For the past decade or so, we have seen Elon Musk’s future of transportation clearly articulated — as most visionary proposals are — through a series of Twitter replies. Autonomous electric vehicles (the ones he makes, of course) will run very quickly through tunnels (the ones he makes, of course), navigating beneath all the other cars to get people to their destinations fast. Well, what if I told you that Musk’s future of transportation is not ten or 20 or 50 years away but already here! Right at this very moment, anyone can see how well it works, and all you have to do is get to Las Vegas, home of the annual techstravaganza that is the Consumer Electronics Show.
In 2019, the Las Vegas Convention Center became the first paying customer of Musk’s tunnel-digging operation, the Boring Company. The city’s tourism agency paid him $50 million to build a pair of one-mile tunnels beneath the recently expanded convention halls, promising to turn a 20-minute walk into a one-minute ride. This week, a one-minute video showed the vehicle stuck in traffic for at least that long, as the driver — a human; more on that in a minute — merges into an underground parking garage, where dozens of people are getting into seemingly ordinary cars, all of them also about to get stuck in seemingly ordinary traffic, except they’re trapped inside what looks like the world’s longest MRI machine.

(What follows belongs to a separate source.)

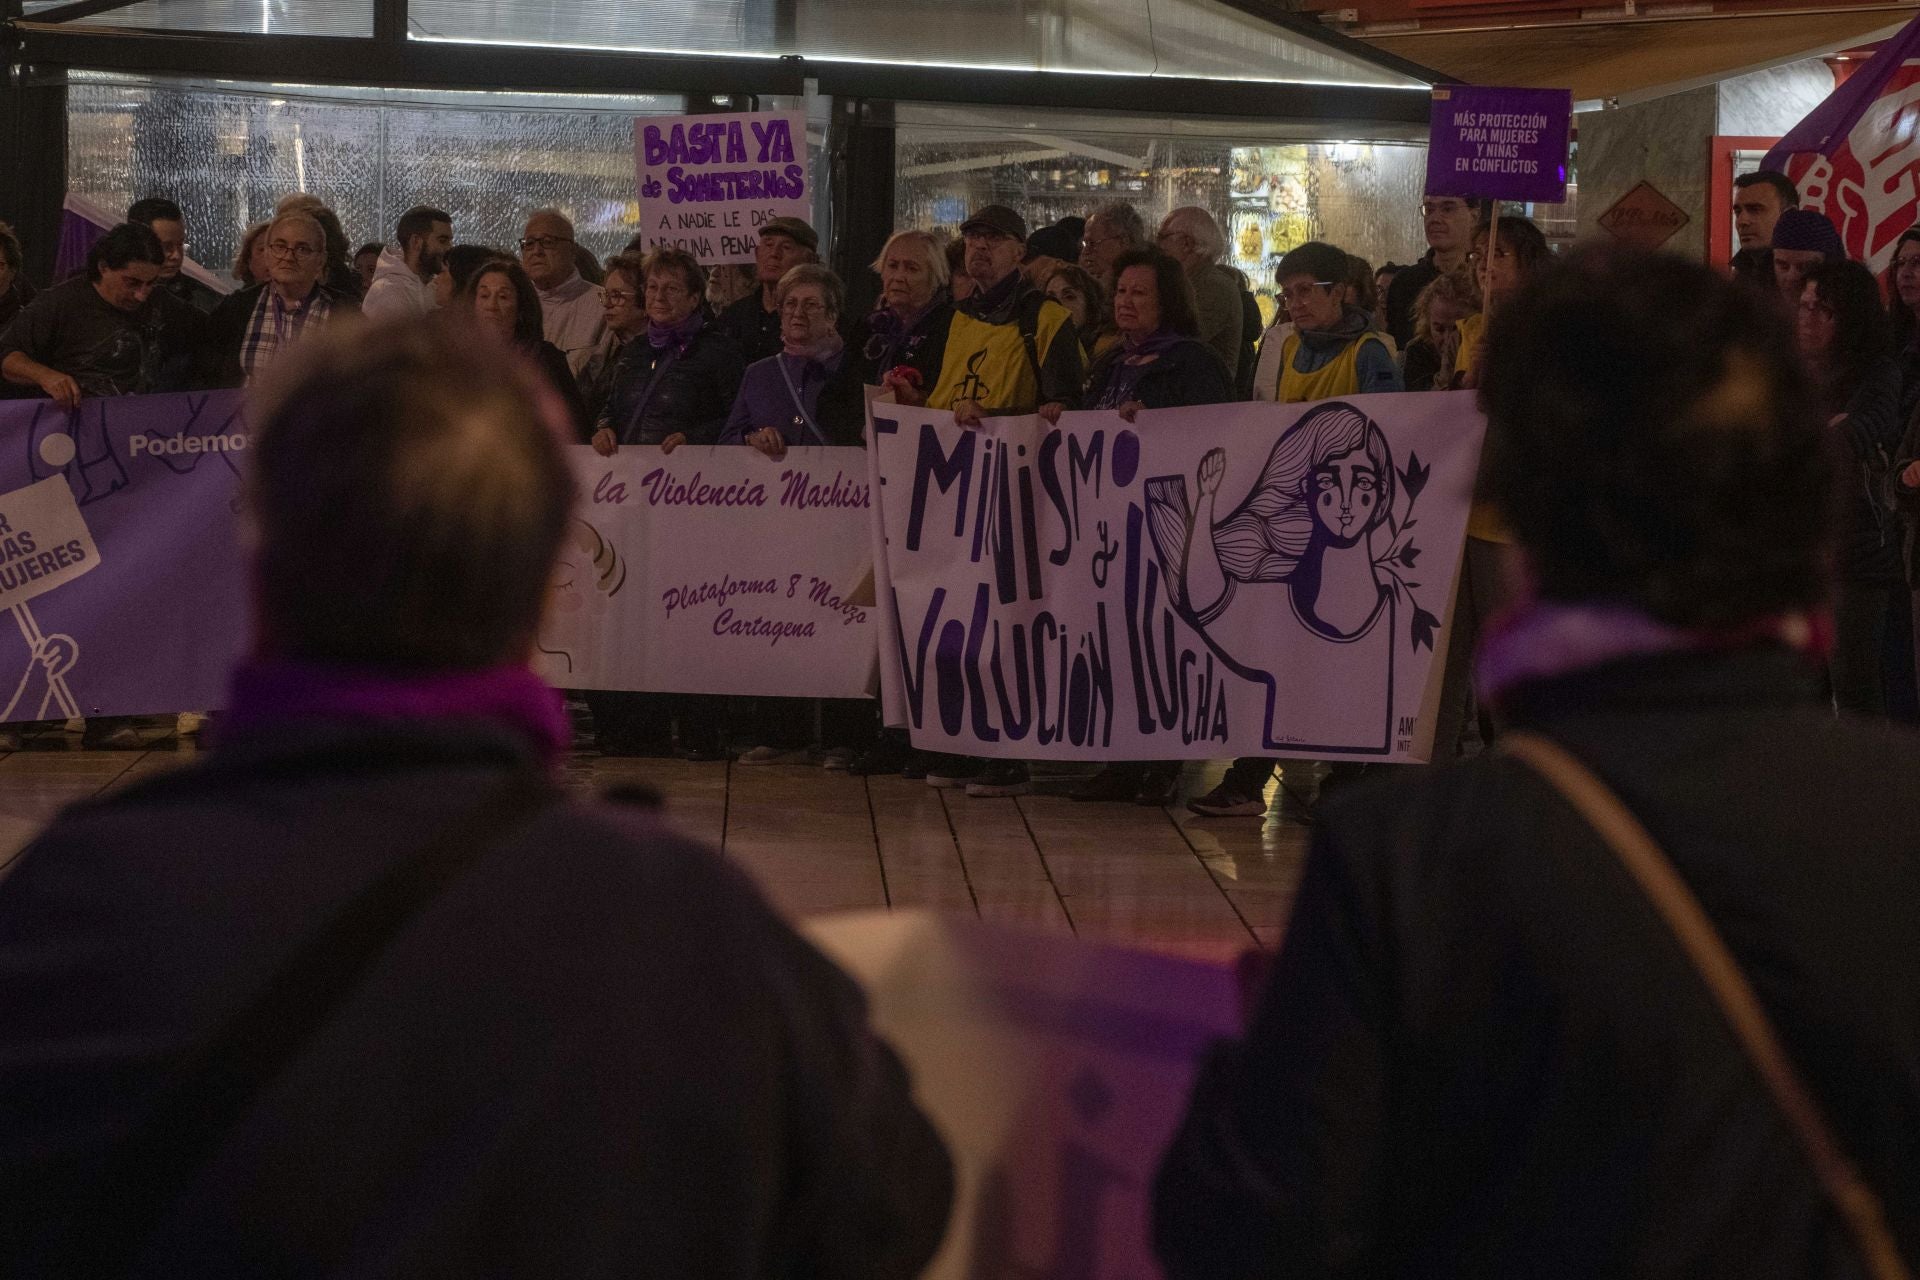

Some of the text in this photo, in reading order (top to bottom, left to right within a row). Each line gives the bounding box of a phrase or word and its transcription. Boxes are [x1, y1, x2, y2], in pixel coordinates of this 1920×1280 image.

Right next to the tunnel, part of the convention center’s parking lot has been blocked off for an autonomous-vehicle demonstration to show how well various automakers’ pedestrian-detection systems work. A small figure meant to represent a child crossing the street is placed in front of the vehicles, which navigate toward the figure, detect something in the road using their onboard LIDAR systems, and stop. Except the Tesla vehicles, that is, which are not equipped with LIDAR and repeatedly run the kid over. This is a demonstration set up by a LIDAR company, of course, but the sentiment that automated cars should have multiple, redundant detection systems is widely shared by industry safety experts. It is not a sentiment shared by Musk (although the company is reportedly now testing the technology).
Remember that in this particular transportation system of the future, Musk was contractually obligated to deliver a specific daily ridership to the convention center: 4,000 people per hour for 13 hours per day during major trade shows. (The contract also has penalties for failure to meet these numbers: $300,000 per trade show for a maximum of $4.5 million.) Part of this math was calculated when the system was to use autonomous 12-passenger vans, which have never materialized, and then by having four passengers in each autonomous SUV, with one person sitting in the non-driving driver’s seat. I think we can all agree, after seeing what is going on above ground, that it’s a good thing these vehicles are not autonomously zinging through stations crowded with people walking to their rides (and kids aren’t allowed to ride in these tunnels anyway, which is probably … also good). But it’s plain to any observer that there are not 4,000 people moving through this tunnel per hour, and recent data showed it’s more like 1,300 people per hour — about the capacity of standard (and, often, autonomous) people-movers all over Vegas — meaning the Boring Company has massively shortchanged its client. Nevertheless, in October, Musk’s Boring Company won unanimous approval from Clark County to extend his tunnels beneath the Strip, with contracts to build stations at several hotels. The hotels are footing the bills for the next phase, so at least the city’s money won’t continue to be buried in this underground money pit. But it’s certainly going to be interesting to see, after watching this real-world demonstration, who actually buys into this future and who ends up getting taken for a ride.